Introduction
La plupart des entreprises ont alloué un budget pour l'IA, mais peu ont construit les infrastructures de données nécessaires pour obtenir des résultats d'IA évolutifs. Le problème ne réside pas dans la capacité des modèles, mais plutôt dans la discipline des données.
Contexte Technique
Les entreprises qui réussissent avec l'IA ont compris l'importance de la gouvernance des données et de la confiance dans les données.
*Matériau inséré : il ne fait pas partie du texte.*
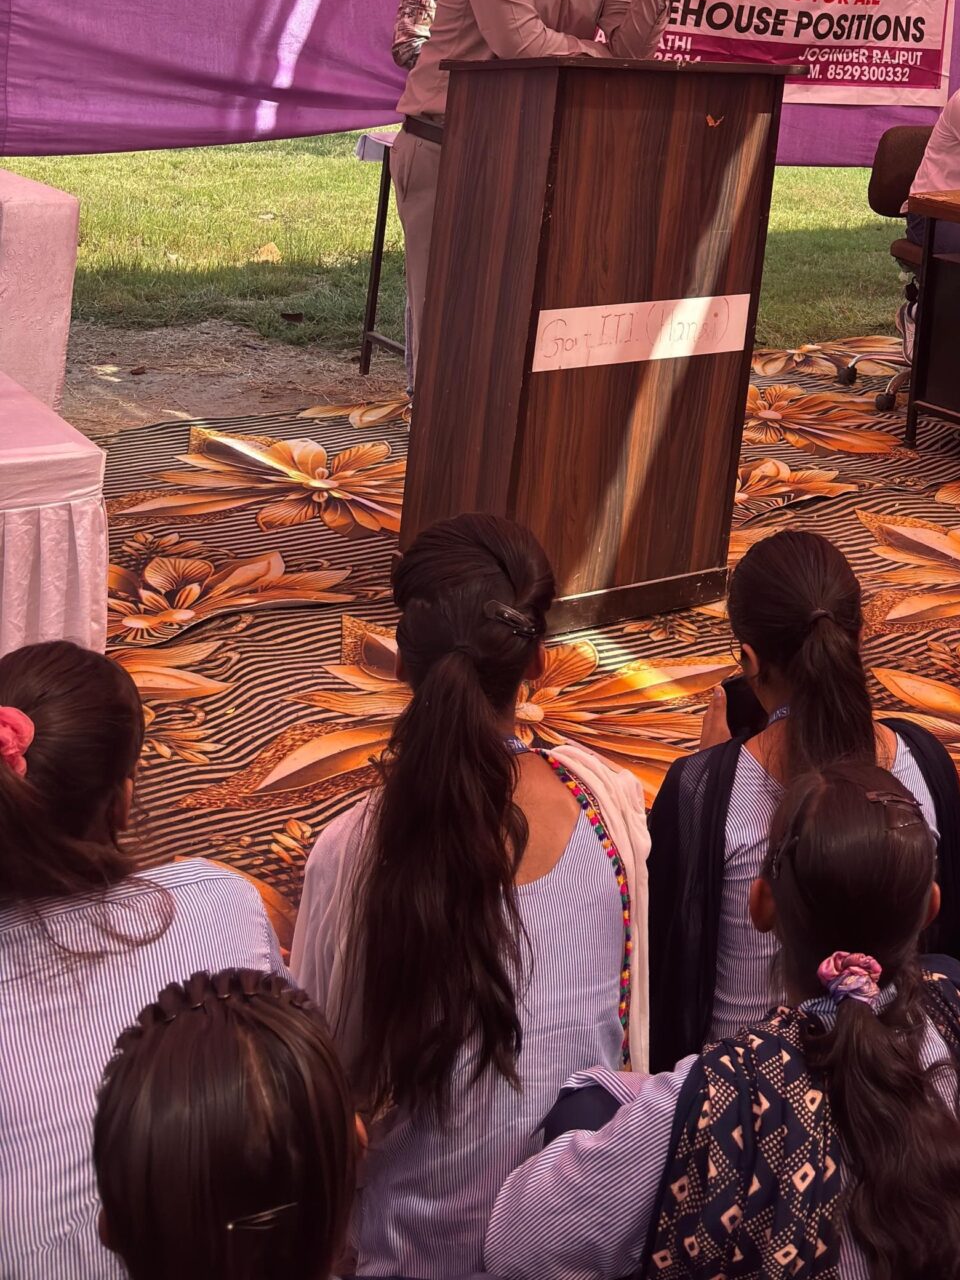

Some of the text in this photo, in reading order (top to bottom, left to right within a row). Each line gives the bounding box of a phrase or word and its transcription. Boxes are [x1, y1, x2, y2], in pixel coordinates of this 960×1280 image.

[793, 10, 926, 43] POSITIONS
[798, 47, 923, 66] JOGINDER RAJPUT
[826, 65, 910, 83] 8529300332
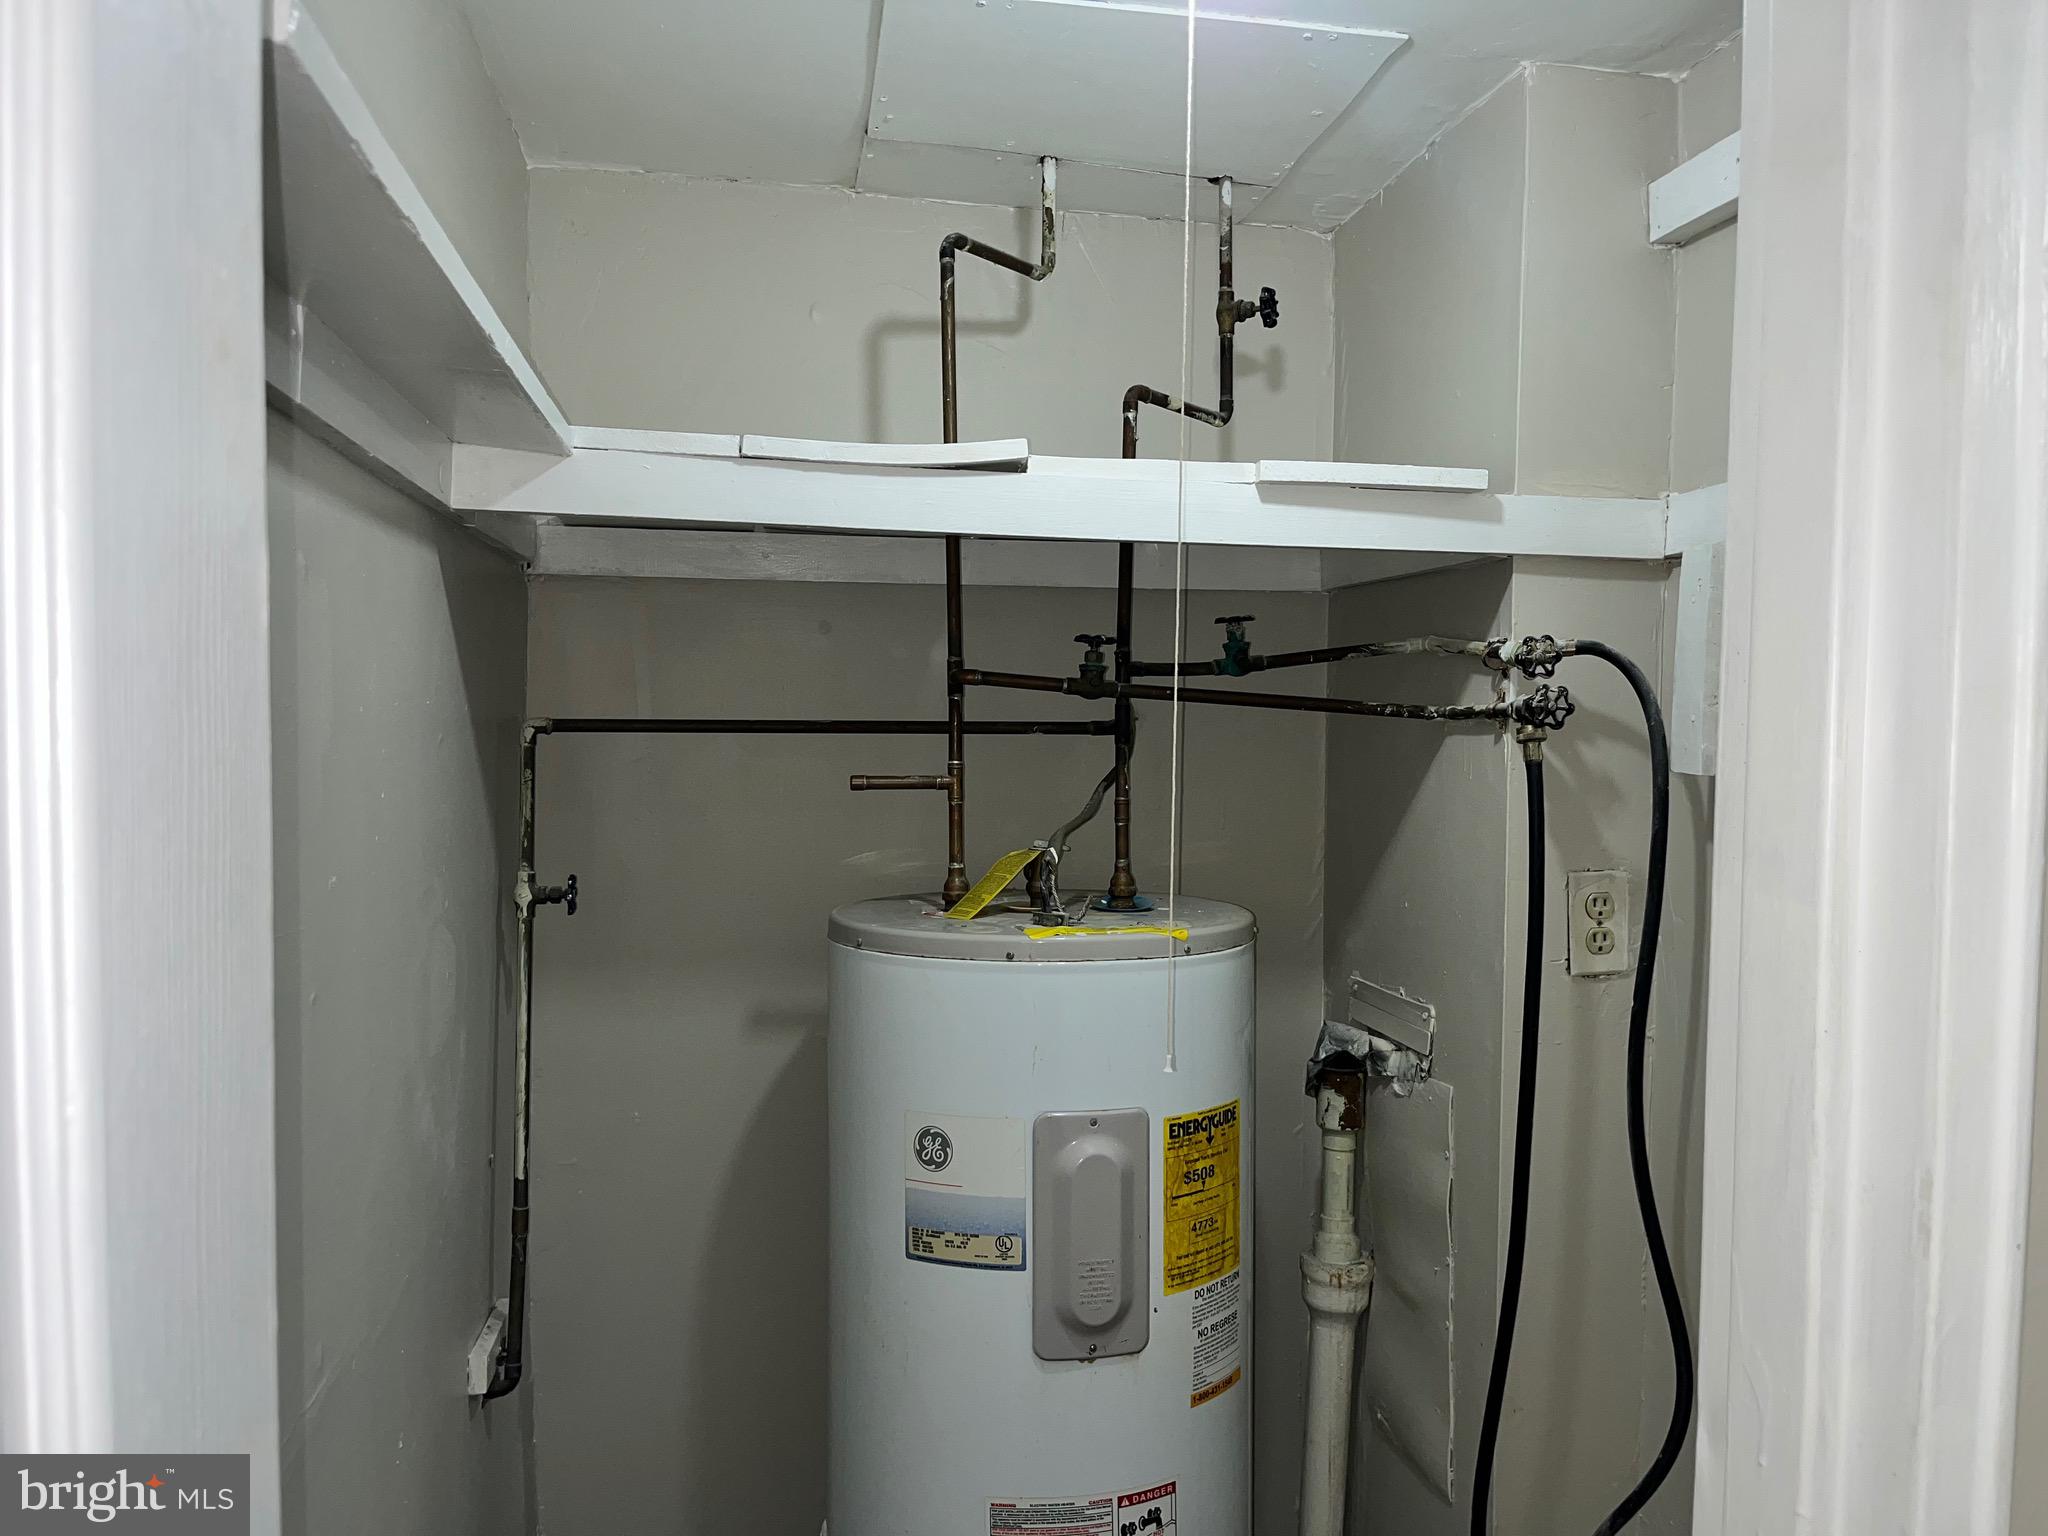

Selon Sunil Varanasy, responsable des données et de l'IA chez Cognizant, « nous essayons tous de résoudre le problème de l'IA, mais nous n'essayons pas de comprendre si nos données sont bonnes, si la qualité des données est bonne, si nous pouvons faire confiance à ces données ». La recherche de Qlik a montré que 97 % des entreprises ont alloué un budget pour l'IA, mais peu ont un cadre de retour sur investissement défini.
Analyse et Implications
L'adoption de l'IA par les entreprises suit le même modèle que l'adoption du cloud il y a 15 ans. Les entreprises sont à des stades différents de leur parcours d'adoption de l'IA. La collaboration entre les entreprises et les fournisseurs de solutions est essentielle pour obtenir des résultats évolutifs. La mise en place d'un écosystème de partenariat et d'une iteration rapide permet d'obtenir des résultats répétitifs.
Perspective
Il est essentiel de surveiller l'évolution de l'adoption de l'IA par les entreprises et de comprendre les défis liés à la gouvernance des données et à la confiance dans les données. Les entreprises doivent établir des fondations de données solides pour obtenir des résultats d'IA évolutifs. La collaboration entre les entreprises et les fournisseurs de solutions sera cruciale pour obtenir des résultats répétitifs et pour faire face aux défis liés à l'adoption de l'IA.